## Task objective
Omit the pictures, then reproduce exactly the line bearing "this 1280×1703 image." and every line after it up to and including the last line of the entries below.

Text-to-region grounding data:
◆ ◆ ◆ ◆ ◆ ◆ ◆
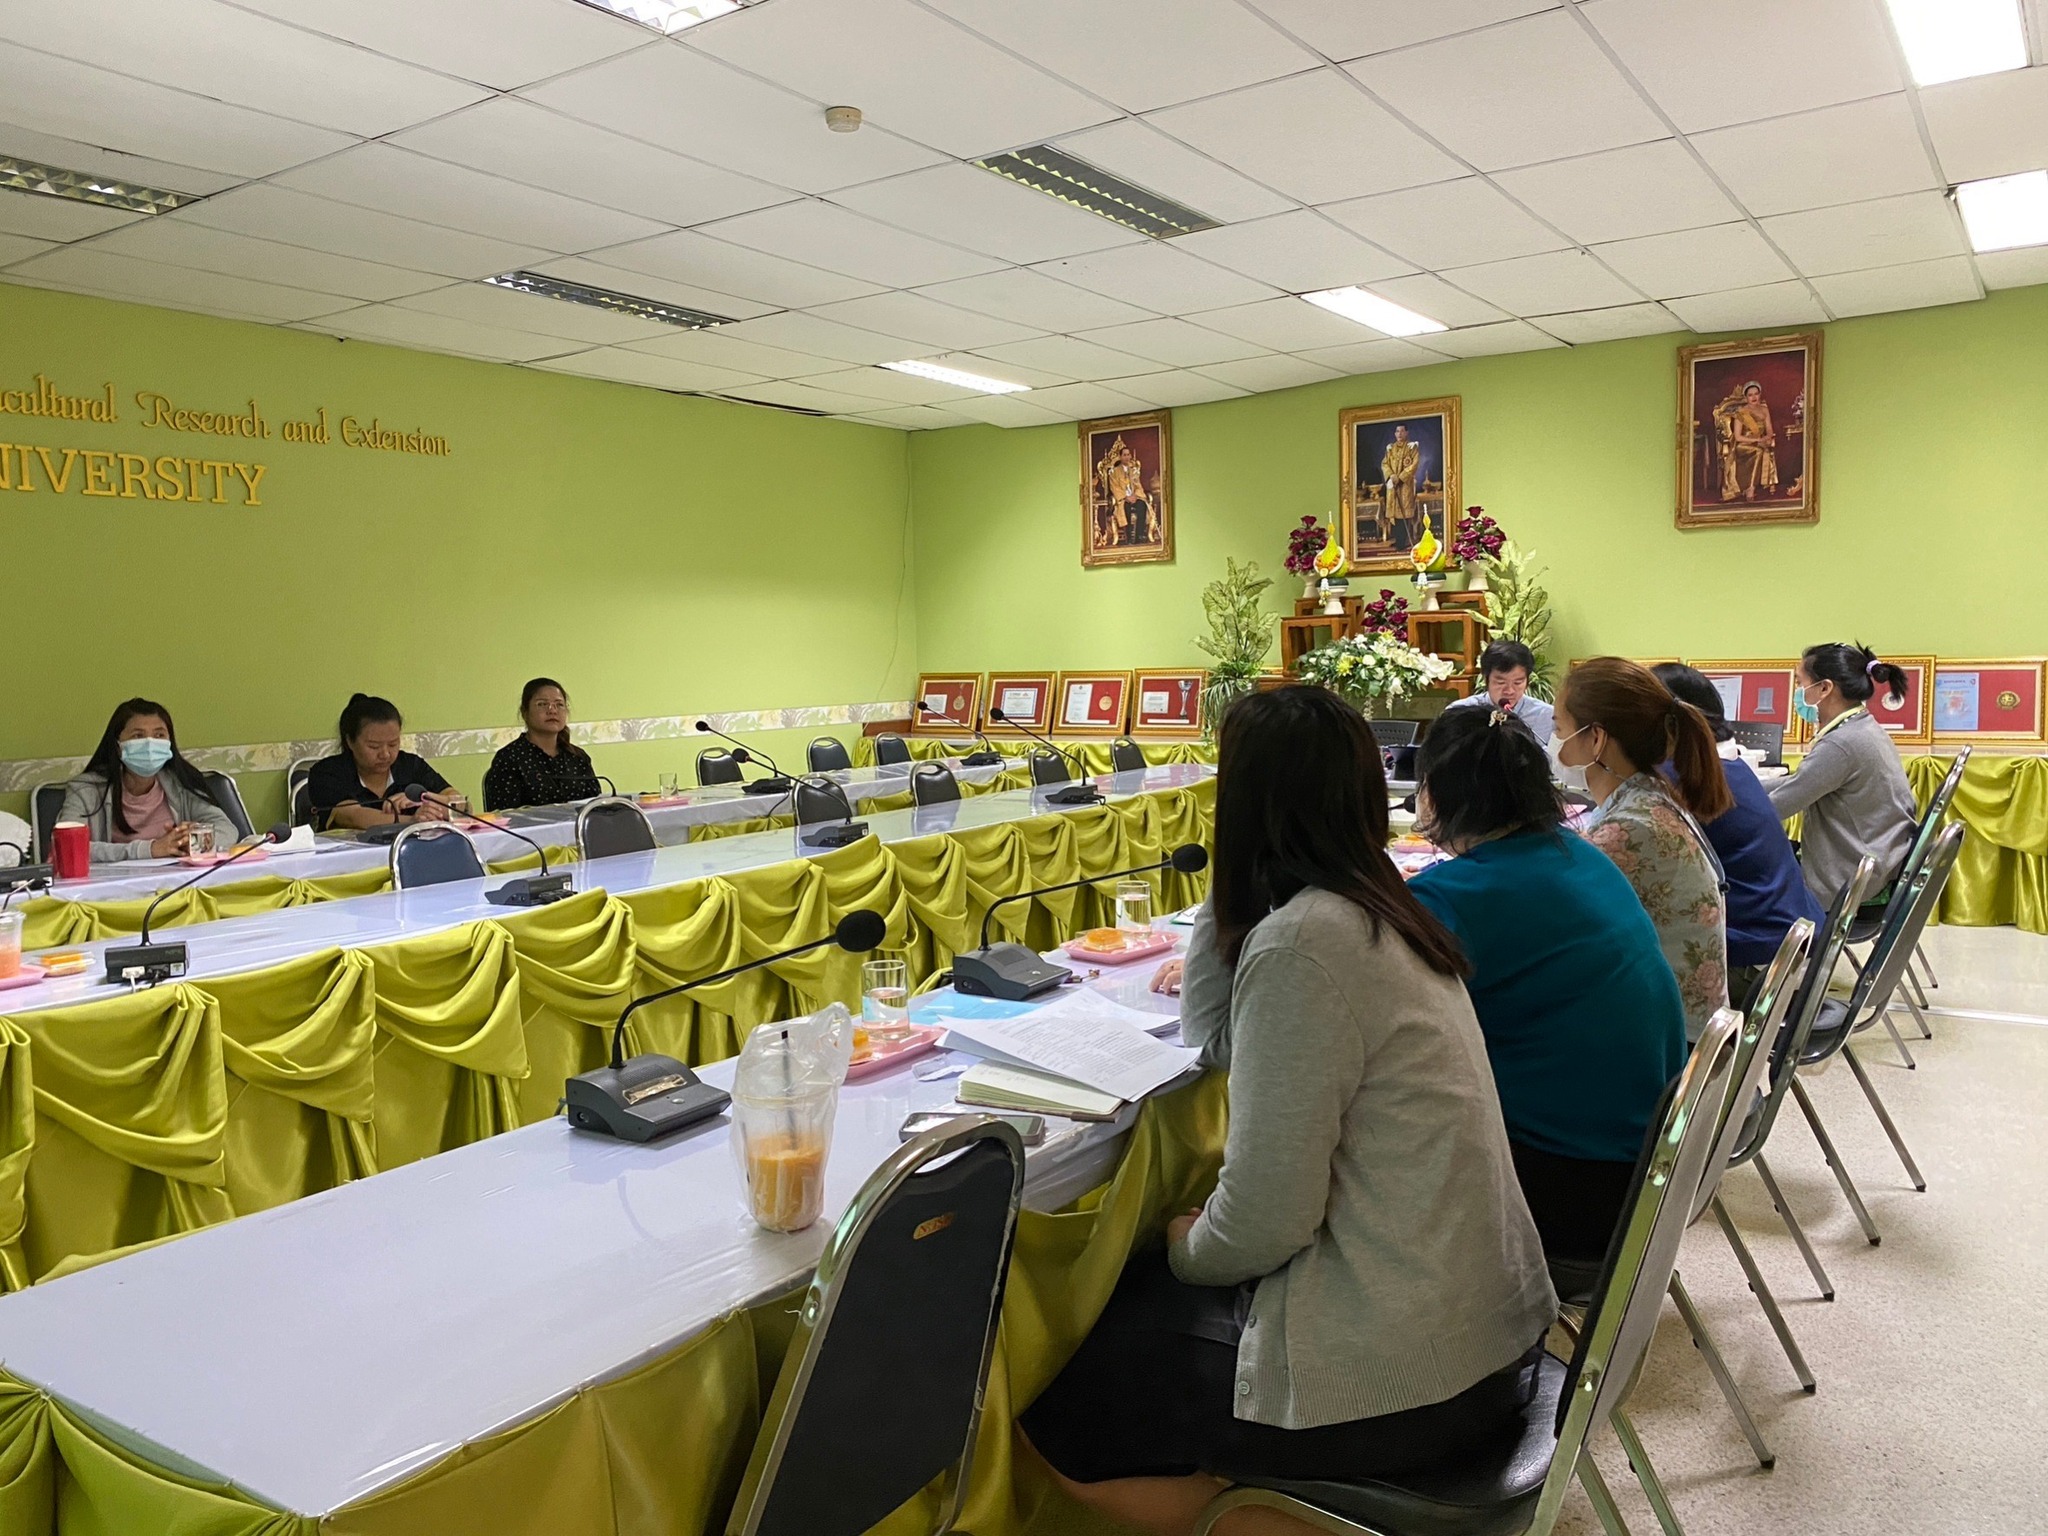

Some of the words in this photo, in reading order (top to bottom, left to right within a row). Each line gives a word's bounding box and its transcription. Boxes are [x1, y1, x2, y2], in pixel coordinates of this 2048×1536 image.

[0, 374, 118, 422] cultural
[136, 391, 271, 439] Research
[284, 407, 331, 445] and
[341, 416, 451, 456] Extension
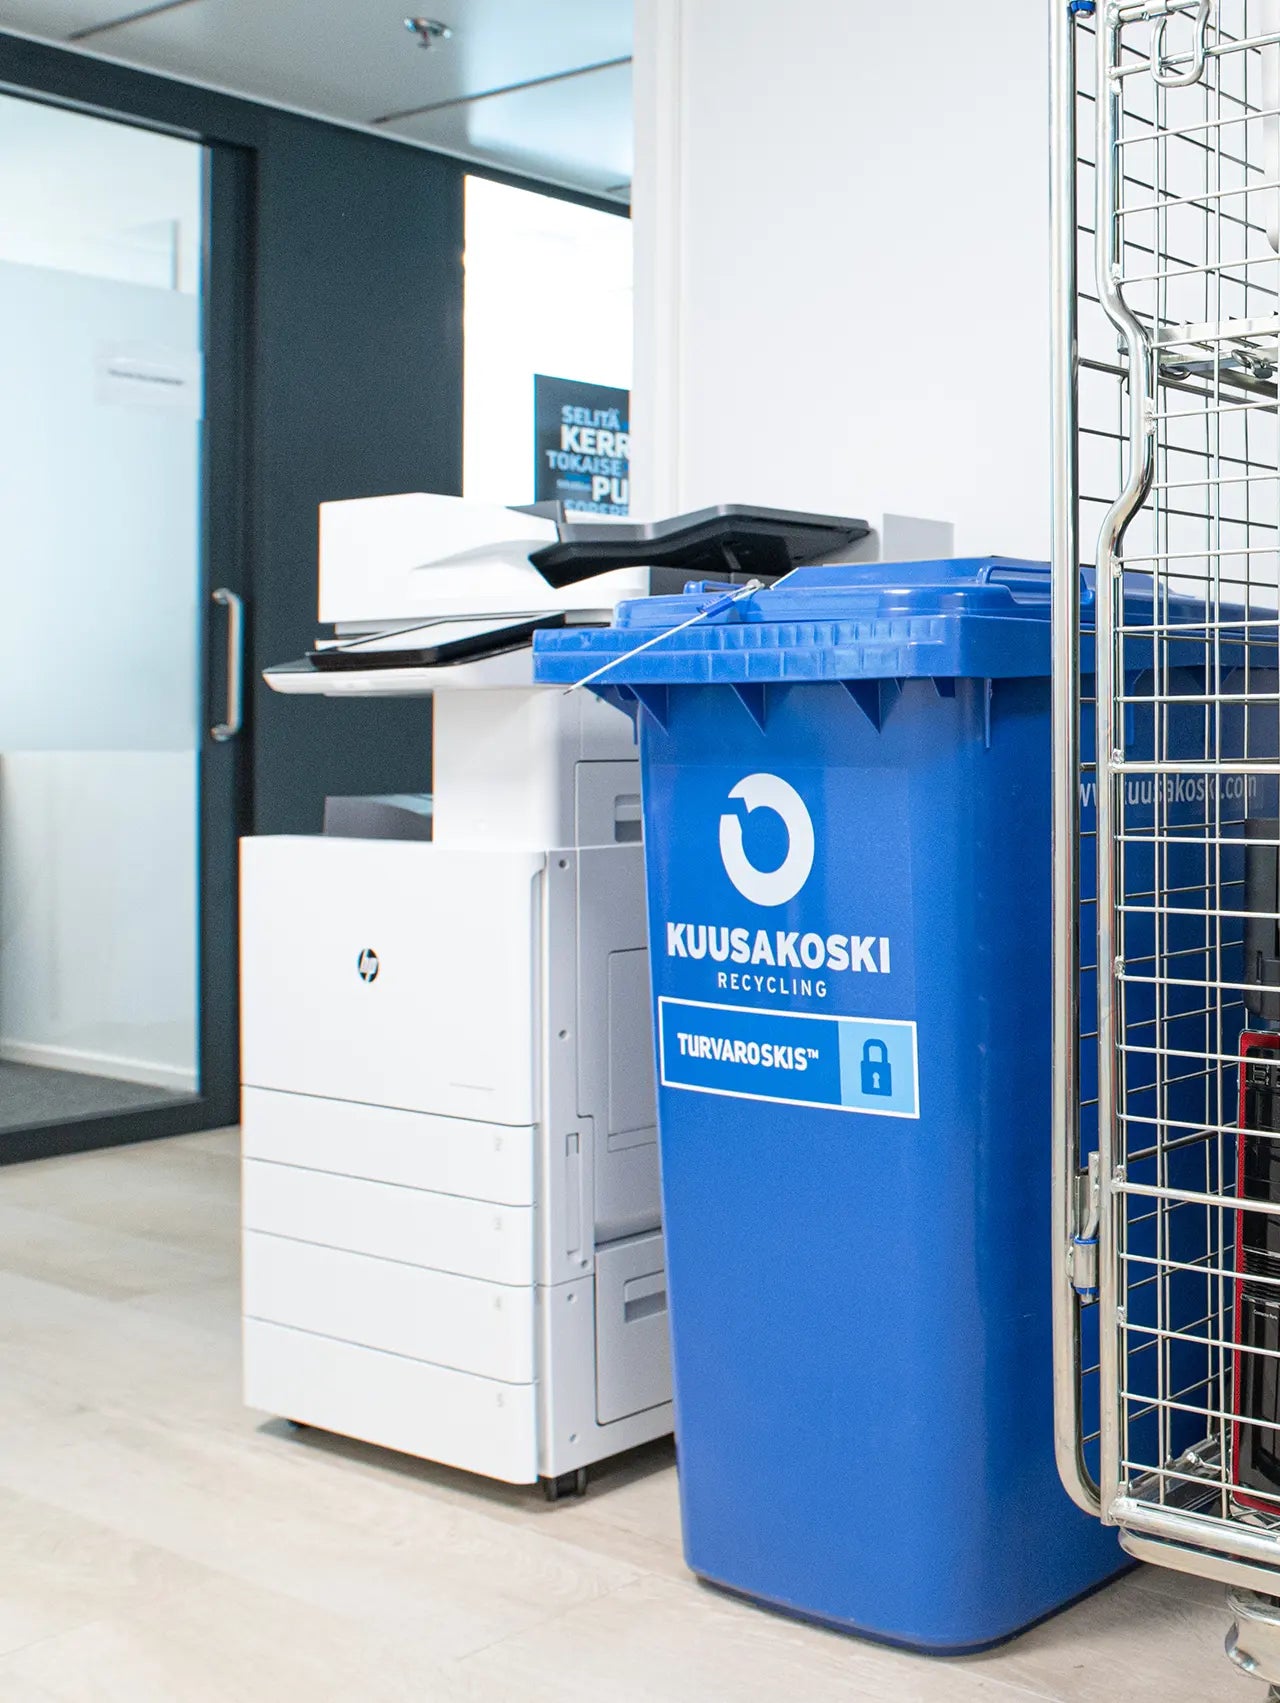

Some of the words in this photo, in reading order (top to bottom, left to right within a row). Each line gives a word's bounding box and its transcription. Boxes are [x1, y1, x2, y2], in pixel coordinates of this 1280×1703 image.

[562, 405, 620, 430] SELITÄ
[560, 424, 630, 458] KERR
[546, 450, 622, 477] TOKAISE
[666, 922, 890, 974] KUUSAKOSKI
[718, 972, 827, 998] RECYCLING
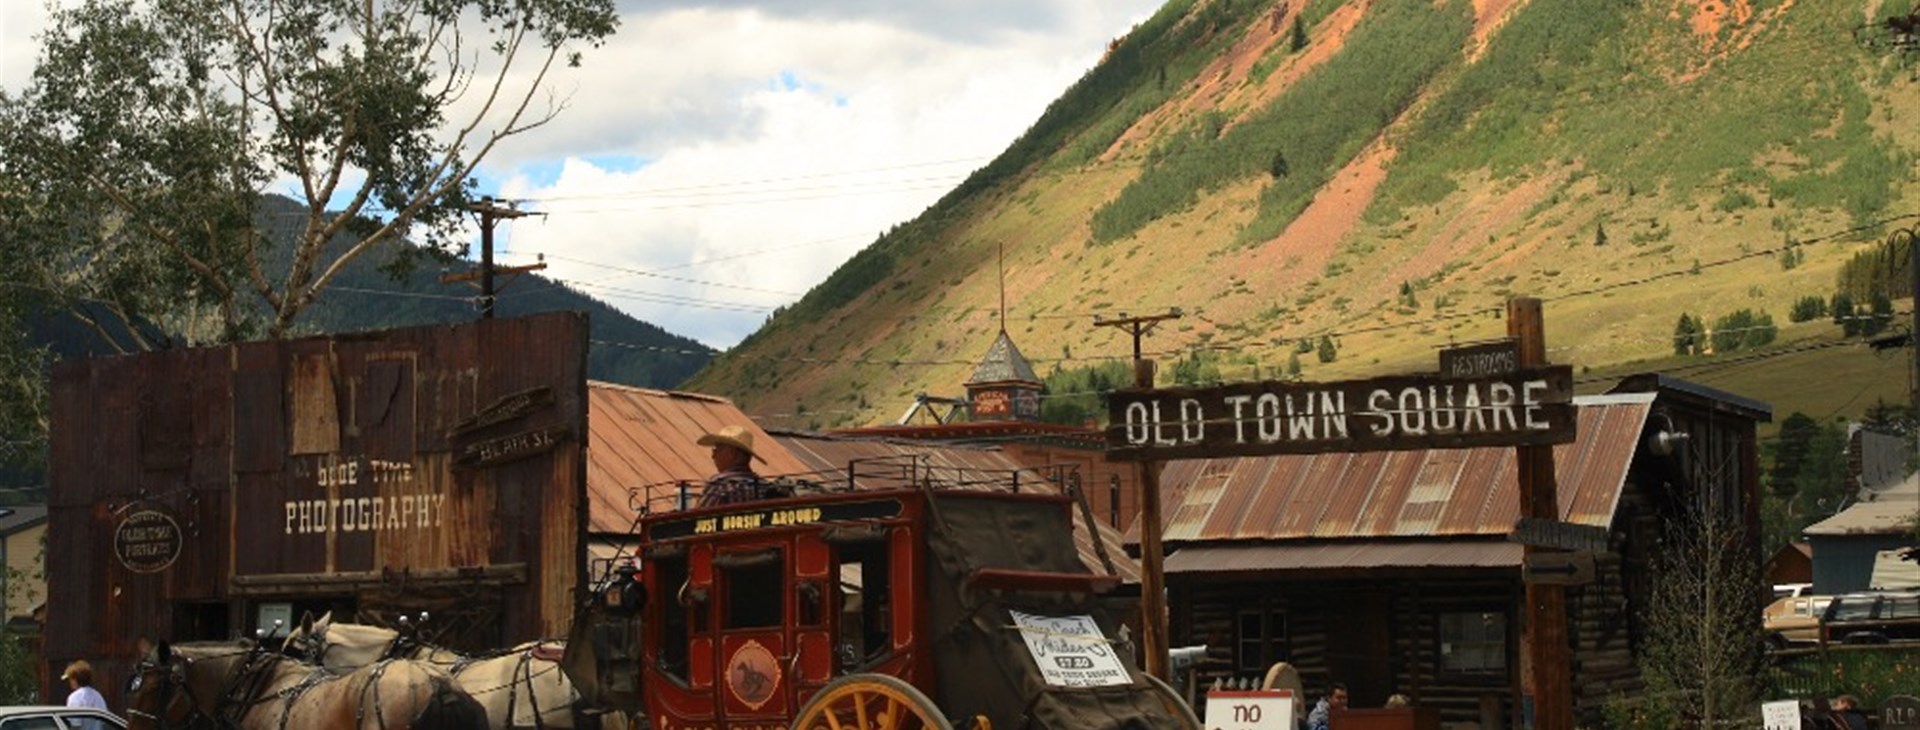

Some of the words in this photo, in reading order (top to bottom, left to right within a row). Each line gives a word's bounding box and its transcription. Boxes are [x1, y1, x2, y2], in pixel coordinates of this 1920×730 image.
◆ ◆ ◆ ◆ ◆ ◆ ◆
## Problem solution
Some of the words in this photo, in reading order (top to bottom, left to right within a row). Each line gives a word's bounding box and its transcription. Boxes are [x1, y1, x2, y2], in pixel coordinates of this 1280×1703 image.

[562, 405, 620, 430] SELITÄ
[560, 424, 630, 458] KERR
[546, 450, 622, 477] TOKAISE
[666, 922, 890, 974] KUUSAKOSKI
[718, 972, 827, 998] RECYCLING

Some of the words in this photo, in reading order (top to bottom, left to right within a row). Each line gives a word's bounding box and its transcription. Boxes are [x1, y1, x2, y2], in pixel coordinates of this 1920×730 image.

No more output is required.